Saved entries
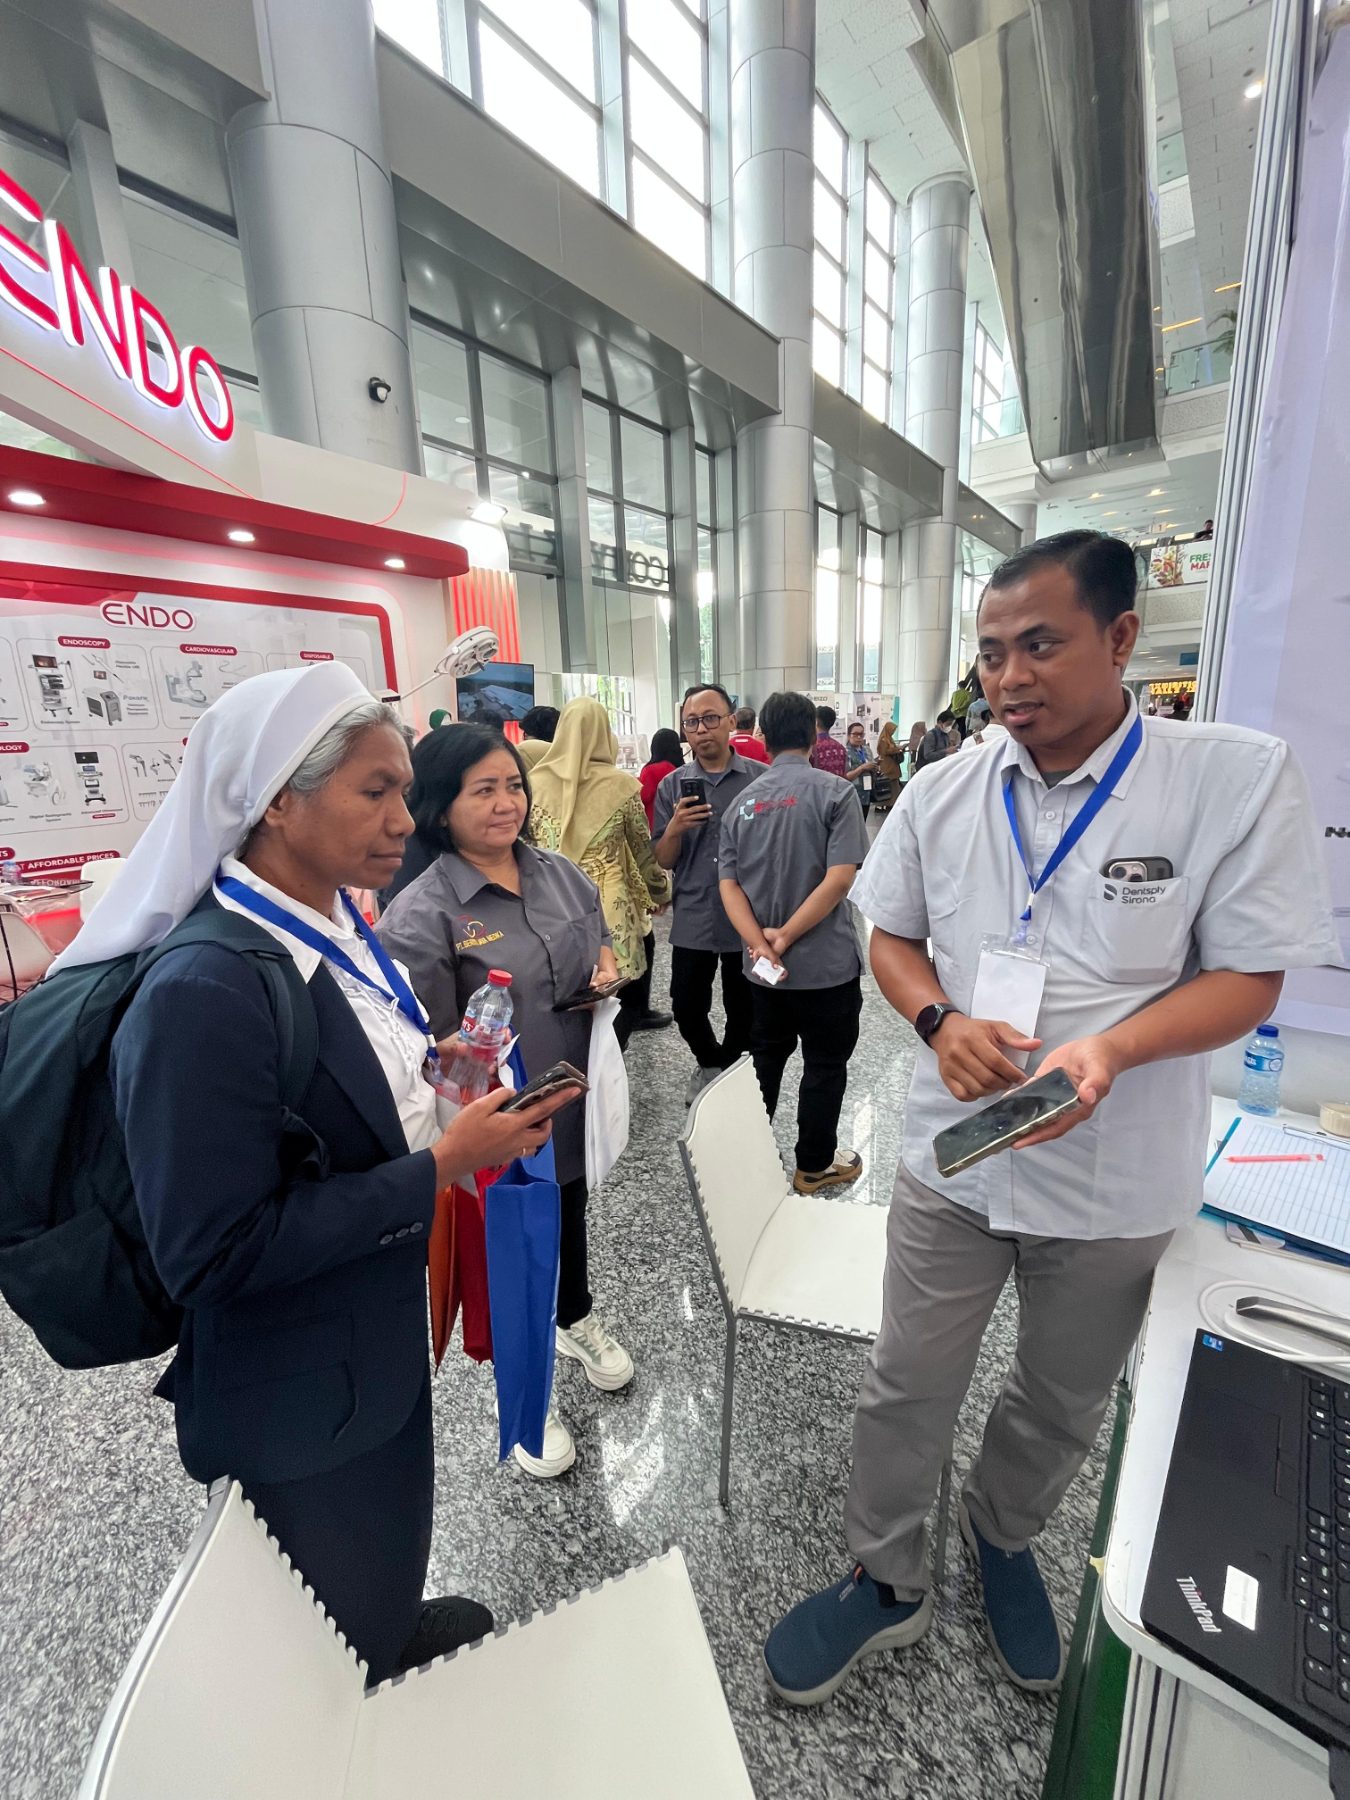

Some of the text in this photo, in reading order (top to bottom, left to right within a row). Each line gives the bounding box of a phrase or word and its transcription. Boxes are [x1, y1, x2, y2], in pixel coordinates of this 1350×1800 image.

[102, 602, 194, 630] ENDO
[62, 639, 107, 647] ENDOSCOPY
[184, 646, 235, 654] CARDIOVASCULAR
[27, 856, 85, 870] AFFORDABLE
[87, 852, 115, 861] PRICES
[1122, 886, 1167, 896] Dentsply
[1121, 895, 1156, 904] Sirona
[1176, 1576, 1222, 1632] ThinkPad

## Work request
Exclude all images, then retype the records above without alteration.

## Answer for this exercise
Some of the text in this photo, in reading order (top to bottom, left to right within a row). Each line gives the bounding box of a phrase or word and its transcription. Boxes are [x1, y1, x2, y2], in pixel coordinates of this 1350×1800 image.

[102, 602, 194, 630] ENDO
[62, 639, 107, 647] ENDOSCOPY
[184, 646, 235, 654] CARDIOVASCULAR
[27, 856, 85, 870] AFFORDABLE
[87, 852, 115, 861] PRICES
[1122, 886, 1167, 896] Dentsply
[1121, 895, 1156, 904] Sirona
[1176, 1576, 1222, 1632] ThinkPad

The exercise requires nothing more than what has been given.